What happened therefore came as a shock. Not only did the Russians not retreat as expected but as Dmitry Peskov, the Russian Presidential spokesman said, they sought instead once more to educate the EU leaders about what’s really going on in Ukraine, explaining that the conflict is an internal one and not one between Ukraine and Russia. Since this is a reality the EU leaders refuse to face, the lesson was extremely unwelcome.

The EU leaders were left clutching at a comment by President Putin that he did not want to see the situation in eastern Ukraine become another frozen conflict and that Russia does not dispute or seek to undermine Ukraine’s integrity. These words in fact simply reflect what has been Russia’s position all along – that since this is an internal Ukrainian conflict, it is for the Ukrainians themselves to settle their differences between themselves through negotiations and that the outcome is for them to decide. However, the EU leaders refuse to see this, instead persisting in the fantasy that the conflict is one between Ukraine and Russia, with Russia committing “aggression” against Ukraine, and misunderstood these banal words as Russia somehow “backing off” from its phantom aggression.

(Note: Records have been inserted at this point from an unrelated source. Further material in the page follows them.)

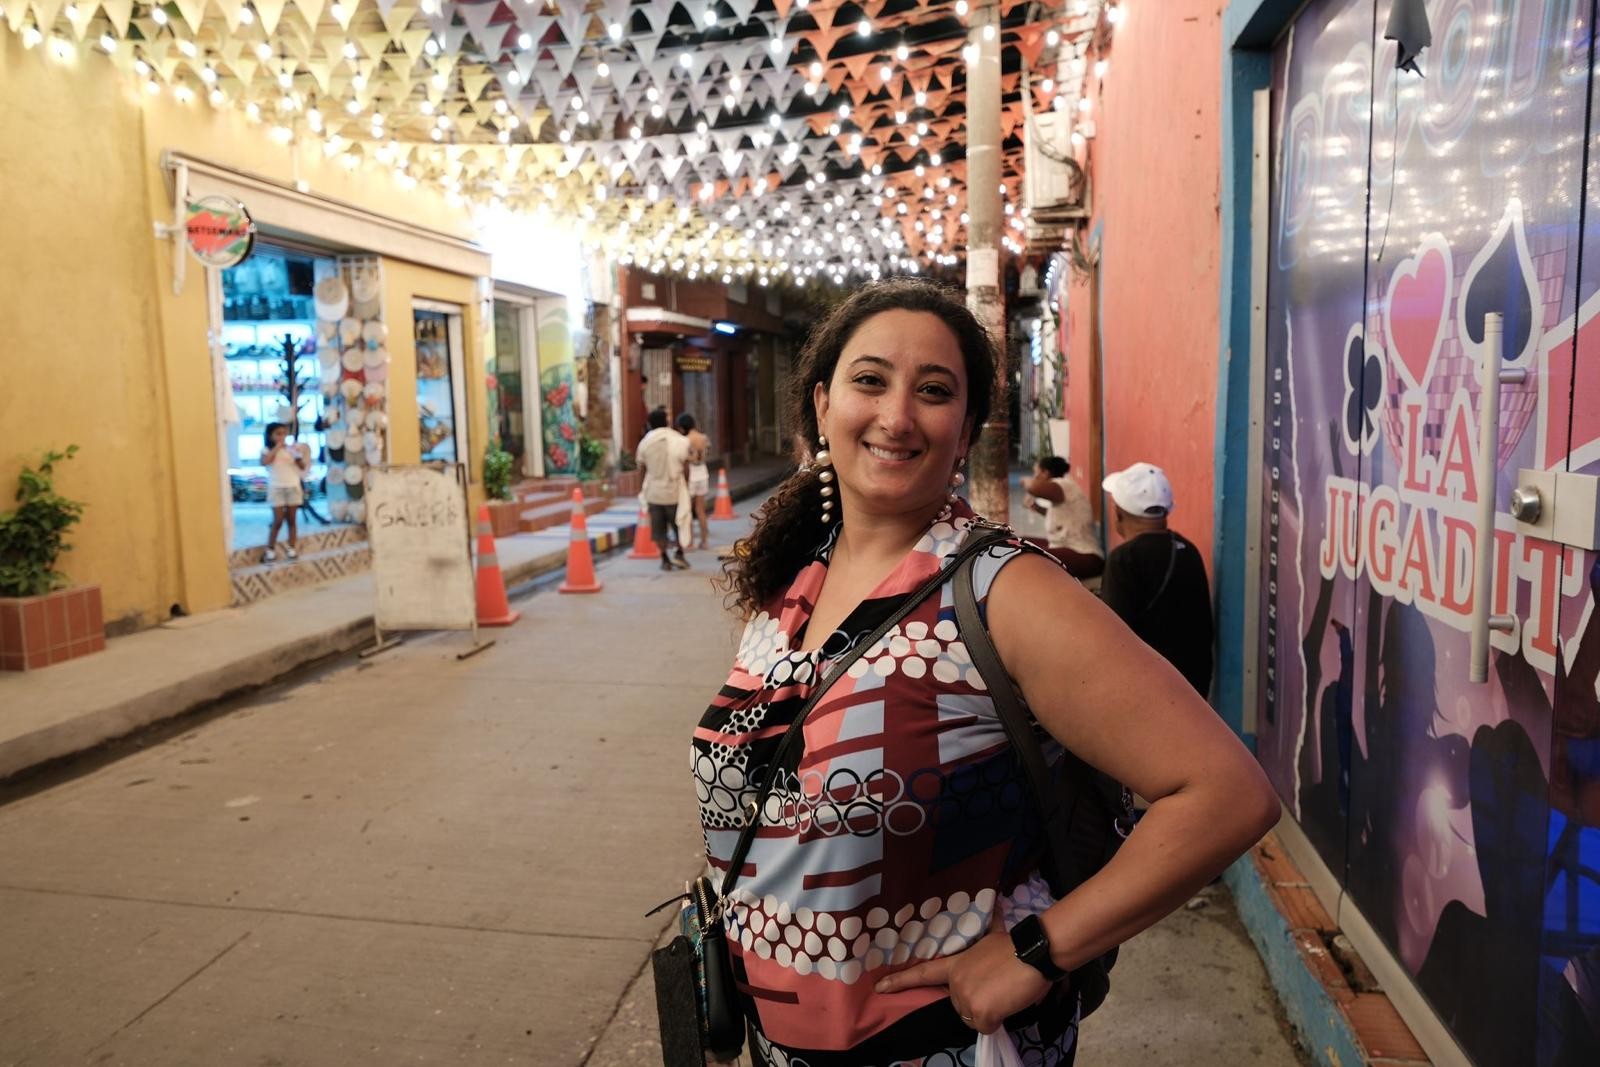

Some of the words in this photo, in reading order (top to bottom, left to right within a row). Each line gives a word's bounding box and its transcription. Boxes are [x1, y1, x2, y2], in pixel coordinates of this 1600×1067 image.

[1273, 368, 1282, 450] CLUB
[1404, 400, 1478, 504] LA
[1270, 466, 1280, 566] DISCO
[1322, 487, 1597, 656] JUGADIT
[1267, 581, 1277, 703] CASINO

The only practical result that appears to have come out of the summit is that Ukrainian customs officials and guards will resume working at their posts on the Russian border. This was actually agreed on by the Russians as long ago as July 2, 2014 at an earlier summit in Berlin and is therefore nothing new. Both Ukrainian officials and OSCE monitors have been observing the border for months and have seen no evidence of the heavy traffic of Russian troops and military equipment the Ukrainians and the West claim is happening.  The fact that there is no evidence for it does not however shake the EU leaders’ belief that it is going on. Given their stubborn belief in something for which they have no proof, it is difficult to see how a further deployment of Ukrainian customs officials and guards and of more OSCE monitors on the border is going to make any difference.

The Milan summit is a textbook case of a conflict that is being unnecessarily prolonged because of a refusal to face facts.  It is still in theory possible to resolve this crisis diplomatically through a settlement brokered by the Russians and the Europeans. However, for that to happen, the Europeans need to completely change their understanding of the crisis. Since it seems they cannot do this, the conflict will continue, and will not be settled diplomatically but by events on the ground.  It is a certainty when that happens that the result will not be the ones the Europeans like, but by refusing to face facts, they are losing the ability to influence the outcome.

The Milan summit witnessed a similar fiasco in the gas negotiations, again because the Europeans came to them with a completely wrong set of assumptions.  That however is something to discuss later, once the latest round of tripartite gas negotiations between the Ukrainians, the Russians and the Europeans are over.     

Alexander Mercouris is a London-based lawyer. The views expressed in this article are the author’s and may not necessarily represent those of RIA Novosti.